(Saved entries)
□ □ □

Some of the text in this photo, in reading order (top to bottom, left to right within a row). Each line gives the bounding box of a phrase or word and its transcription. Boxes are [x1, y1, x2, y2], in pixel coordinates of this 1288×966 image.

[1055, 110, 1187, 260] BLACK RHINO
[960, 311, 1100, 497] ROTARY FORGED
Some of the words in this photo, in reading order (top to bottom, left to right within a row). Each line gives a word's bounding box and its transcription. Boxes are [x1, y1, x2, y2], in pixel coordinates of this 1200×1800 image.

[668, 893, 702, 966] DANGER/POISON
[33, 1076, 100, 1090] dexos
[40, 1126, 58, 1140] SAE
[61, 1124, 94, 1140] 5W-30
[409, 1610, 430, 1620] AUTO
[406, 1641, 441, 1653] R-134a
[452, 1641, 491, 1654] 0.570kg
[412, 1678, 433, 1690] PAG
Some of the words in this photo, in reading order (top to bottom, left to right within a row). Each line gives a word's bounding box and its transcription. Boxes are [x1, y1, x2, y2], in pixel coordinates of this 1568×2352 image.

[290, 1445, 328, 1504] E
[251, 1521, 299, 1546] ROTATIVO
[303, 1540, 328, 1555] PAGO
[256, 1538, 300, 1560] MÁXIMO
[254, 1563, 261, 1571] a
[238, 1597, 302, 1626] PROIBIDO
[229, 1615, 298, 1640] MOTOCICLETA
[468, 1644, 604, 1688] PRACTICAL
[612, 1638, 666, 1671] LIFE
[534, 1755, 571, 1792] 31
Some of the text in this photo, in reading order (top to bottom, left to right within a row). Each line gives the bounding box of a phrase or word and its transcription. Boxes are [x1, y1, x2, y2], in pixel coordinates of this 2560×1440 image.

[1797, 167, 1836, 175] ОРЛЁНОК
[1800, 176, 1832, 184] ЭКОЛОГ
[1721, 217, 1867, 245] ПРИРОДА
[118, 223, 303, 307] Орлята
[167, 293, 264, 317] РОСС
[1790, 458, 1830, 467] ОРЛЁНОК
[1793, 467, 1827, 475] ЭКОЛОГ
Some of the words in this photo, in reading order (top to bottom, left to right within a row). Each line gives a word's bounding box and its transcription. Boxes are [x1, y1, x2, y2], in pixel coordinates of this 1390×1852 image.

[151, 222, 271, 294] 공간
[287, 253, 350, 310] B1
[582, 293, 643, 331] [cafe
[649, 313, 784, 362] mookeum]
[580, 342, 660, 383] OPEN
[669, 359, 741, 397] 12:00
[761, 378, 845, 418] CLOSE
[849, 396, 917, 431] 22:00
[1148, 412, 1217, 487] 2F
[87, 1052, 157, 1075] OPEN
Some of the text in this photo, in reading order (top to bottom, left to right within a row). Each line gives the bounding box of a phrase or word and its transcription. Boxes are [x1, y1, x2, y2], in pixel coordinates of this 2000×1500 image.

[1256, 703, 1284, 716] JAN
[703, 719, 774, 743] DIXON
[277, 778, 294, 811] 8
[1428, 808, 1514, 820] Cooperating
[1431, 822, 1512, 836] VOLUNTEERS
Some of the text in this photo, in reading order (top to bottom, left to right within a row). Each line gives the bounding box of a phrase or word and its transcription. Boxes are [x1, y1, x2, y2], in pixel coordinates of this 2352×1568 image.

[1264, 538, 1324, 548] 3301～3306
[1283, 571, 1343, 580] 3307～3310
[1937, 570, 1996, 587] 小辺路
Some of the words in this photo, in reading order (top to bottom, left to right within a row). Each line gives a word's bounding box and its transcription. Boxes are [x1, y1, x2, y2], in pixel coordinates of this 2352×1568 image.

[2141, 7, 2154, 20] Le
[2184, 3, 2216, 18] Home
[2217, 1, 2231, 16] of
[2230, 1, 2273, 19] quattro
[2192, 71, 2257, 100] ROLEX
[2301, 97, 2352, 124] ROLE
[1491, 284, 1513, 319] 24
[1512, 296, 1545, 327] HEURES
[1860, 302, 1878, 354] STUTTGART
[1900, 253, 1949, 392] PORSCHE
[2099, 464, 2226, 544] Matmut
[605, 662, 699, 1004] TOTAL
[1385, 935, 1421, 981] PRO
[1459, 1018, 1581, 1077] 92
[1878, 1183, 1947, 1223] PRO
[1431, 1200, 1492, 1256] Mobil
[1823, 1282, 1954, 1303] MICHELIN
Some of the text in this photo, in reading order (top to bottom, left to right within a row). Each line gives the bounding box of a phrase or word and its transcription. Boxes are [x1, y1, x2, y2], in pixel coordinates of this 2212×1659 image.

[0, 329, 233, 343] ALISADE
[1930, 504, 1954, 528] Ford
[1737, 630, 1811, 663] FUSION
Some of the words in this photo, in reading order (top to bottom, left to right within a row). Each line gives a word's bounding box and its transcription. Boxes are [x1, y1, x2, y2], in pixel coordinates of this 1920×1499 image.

□ □ □

A word-for-word copy of the data above is the goal, so set it all down again.

Some of the text in this photo, in reading order (top to bottom, left to right within a row). Each line gives the bounding box of a phrase or word and its transcription. Boxes are [x1, y1, x2, y2], in pixel coordinates of this 1288×966 image.

[1055, 110, 1187, 260] BLACK RHINO
[960, 311, 1100, 497] ROTARY FORGED
Some of the words in this photo, in reading order (top to bottom, left to right within a row). Each line gives a word's bounding box and its transcription. Boxes are [x1, y1, x2, y2], in pixel coordinates of this 1200×1800 image.

[668, 893, 702, 966] DANGER/POISON
[33, 1076, 100, 1090] dexos
[40, 1126, 58, 1140] SAE
[61, 1124, 94, 1140] 5W-30
[409, 1610, 430, 1620] AUTO
[406, 1641, 441, 1653] R-134a
[452, 1641, 491, 1654] 0.570kg
[412, 1678, 433, 1690] PAG
Some of the words in this photo, in reading order (top to bottom, left to right within a row). Each line gives a word's bounding box and its transcription. Boxes are [x1, y1, x2, y2], in pixel coordinates of this 1568×2352 image.

[290, 1445, 328, 1504] E
[251, 1521, 299, 1546] ROTATIVO
[303, 1540, 328, 1555] PAGO
[256, 1538, 300, 1560] MÁXIMO
[254, 1563, 261, 1571] a
[238, 1597, 302, 1626] PROIBIDO
[229, 1615, 298, 1640] MOTOCICLETA
[468, 1644, 604, 1688] PRACTICAL
[612, 1638, 666, 1671] LIFE
[534, 1755, 571, 1792] 31
Some of the text in this photo, in reading order (top to bottom, left to right within a row). Each line gives the bounding box of a phrase or word and its transcription. Boxes are [x1, y1, x2, y2], in pixel coordinates of this 2560×1440 image.

[1797, 167, 1836, 175] ОРЛЁНОК
[1800, 176, 1832, 184] ЭКОЛОГ
[1721, 217, 1867, 245] ПРИРОДА
[118, 223, 303, 307] Орлята
[167, 293, 264, 317] РОСС
[1790, 458, 1830, 467] ОРЛЁНОК
[1793, 467, 1827, 475] ЭКОЛОГ
Some of the words in this photo, in reading order (top to bottom, left to right within a row). Each line gives a word's bounding box and its transcription. Boxes are [x1, y1, x2, y2], in pixel coordinates of this 1390×1852 image.

[151, 222, 271, 294] 공간
[287, 253, 350, 310] B1
[582, 293, 643, 331] [cafe
[649, 313, 784, 362] mookeum]
[580, 342, 660, 383] OPEN
[669, 359, 741, 397] 12:00
[761, 378, 845, 418] CLOSE
[849, 396, 917, 431] 22:00
[1148, 412, 1217, 487] 2F
[87, 1052, 157, 1075] OPEN
Some of the text in this photo, in reading order (top to bottom, left to right within a row). Each line gives the bounding box of a phrase or word and its transcription. Boxes are [x1, y1, x2, y2], in pixel coordinates of this 2000×1500 image.

[1256, 703, 1284, 716] JAN
[703, 719, 774, 743] DIXON
[277, 778, 294, 811] 8
[1428, 808, 1514, 820] Cooperating
[1431, 822, 1512, 836] VOLUNTEERS
Some of the text in this photo, in reading order (top to bottom, left to right within a row). Each line gives the bounding box of a phrase or word and its transcription. Boxes are [x1, y1, x2, y2], in pixel coordinates of this 2352×1568 image.

[1264, 538, 1324, 548] 3301～3306
[1283, 571, 1343, 580] 3307～3310
[1937, 570, 1996, 587] 小辺路
Some of the words in this photo, in reading order (top to bottom, left to right within a row). Each line gives a word's bounding box and its transcription. Boxes are [x1, y1, x2, y2], in pixel coordinates of this 2352×1568 image.

[2141, 7, 2154, 20] Le
[2184, 3, 2216, 18] Home
[2217, 1, 2231, 16] of
[2230, 1, 2273, 19] quattro
[2192, 71, 2257, 100] ROLEX
[2301, 97, 2352, 124] ROLE
[1491, 284, 1513, 319] 24
[1512, 296, 1545, 327] HEURES
[1860, 302, 1878, 354] STUTTGART
[1900, 253, 1949, 392] PORSCHE
[2099, 464, 2226, 544] Matmut
[605, 662, 699, 1004] TOTAL
[1385, 935, 1421, 981] PRO
[1459, 1018, 1581, 1077] 92
[1878, 1183, 1947, 1223] PRO
[1431, 1200, 1492, 1256] Mobil
[1823, 1282, 1954, 1303] MICHELIN
Some of the text in this photo, in reading order (top to bottom, left to right within a row). Each line gives the bounding box of a phrase or word and its transcription. Boxes are [x1, y1, x2, y2], in pixel coordinates of this 2212×1659 image.

[0, 329, 233, 343] ALISADE
[1930, 504, 1954, 528] Ford
[1737, 630, 1811, 663] FUSION
Some of the words in this photo, in reading order (top to bottom, left to right within a row). Each line gives a word's bounding box and its transcription. Boxes are [x1, y1, x2, y2], in pixel coordinates of this 1920×1499 image.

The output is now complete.